We got the chance to chat with two of the girls: soon-to-be ninth graders Victoria Shen and Madaleine Cutone, who’ll be attending Quincy High School and Newton North High School (respectively) this fall. Here’s what the girls had to say about their visit to Microsoft:

Microsoft New England: Why did you join The Artemis Project?

Victoria: I have always been interested in working with computers, and when my science teacher recommended me to join this program, I jumped at that opportunity to expand my knowledge about computers.

Madaleine: I wanted to learn about different types of Technology and Engineering fields to prepare me for college at first, but I had also realized that I had had a lot of success in my Tech Ed. and science classes at school. I decided to expand on that success and look further into the engineering and technology fields.

MSNE: What was your favorite thing about your visit to Microsoft New England?

V: My favorite part of my visit to Microsoft New England was getting the tour of the Exploratorium and getting to try out some of the things. The robot that takes your picture is so cool!!!

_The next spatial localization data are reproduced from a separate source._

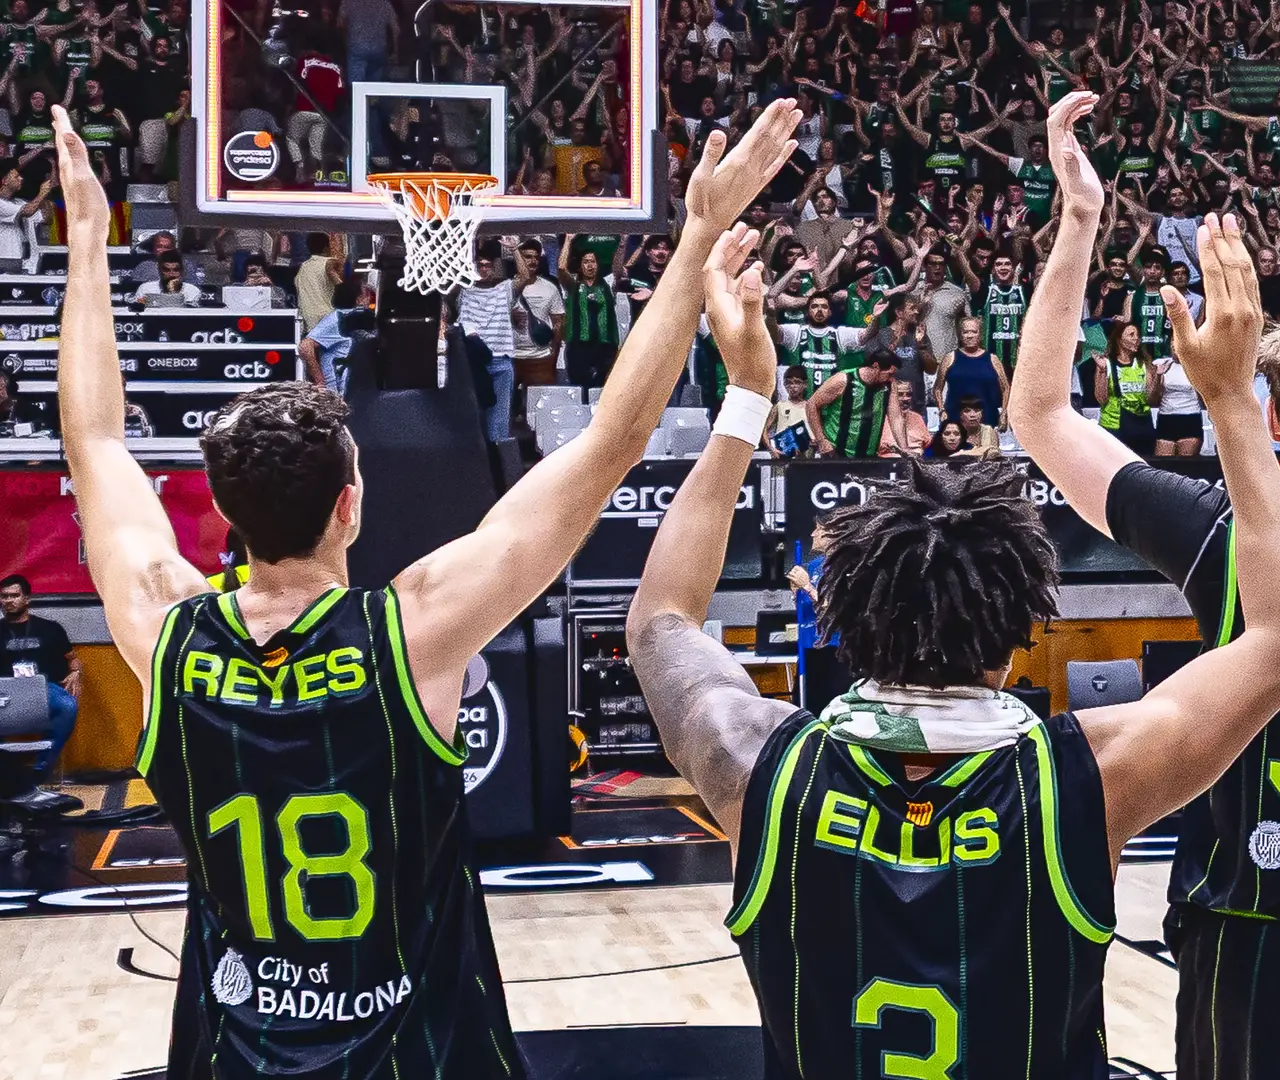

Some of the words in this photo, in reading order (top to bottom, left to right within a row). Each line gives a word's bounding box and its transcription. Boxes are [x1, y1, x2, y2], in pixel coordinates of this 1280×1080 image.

[233, 155, 272, 165] endesa
[1002, 317, 1010, 331] 9
[1147, 319, 1155, 332] 9
[191, 329, 243, 344] acb
[148, 358, 198, 368] ONEBOX
[224, 361, 271, 379] acb
[814, 371, 822, 385] 9
[183, 646, 368, 707] REYES
[815, 788, 1001, 868] ELLIS
[207, 792, 377, 943] 18
[257, 956, 303, 984] City
[309, 962, 330, 985] of
[257, 972, 413, 1022] BADALONA

M: My personal favorite thing to do there was to play around on all of the different devices. I enjoyed getting to explore the way that Microsoft’s devices were programmed and put together.

MSNE: What was your favorite piece of technology that you used?

V: The Surface. It’s so cool that it’s a device that can easily change into a tablet or a laptop!

M: Cortana, the voice control option on many of Microsoft’s devices. It was interesting to me that Cortana didn’t obligate the user to say specific facts about the piece of information that they wanted to acquire.

MSNE: What do you want to be when you grow up?

V: I used to want to be a teacher, but now thanks to the Artemis Project, I think I want to be an IT Specialist.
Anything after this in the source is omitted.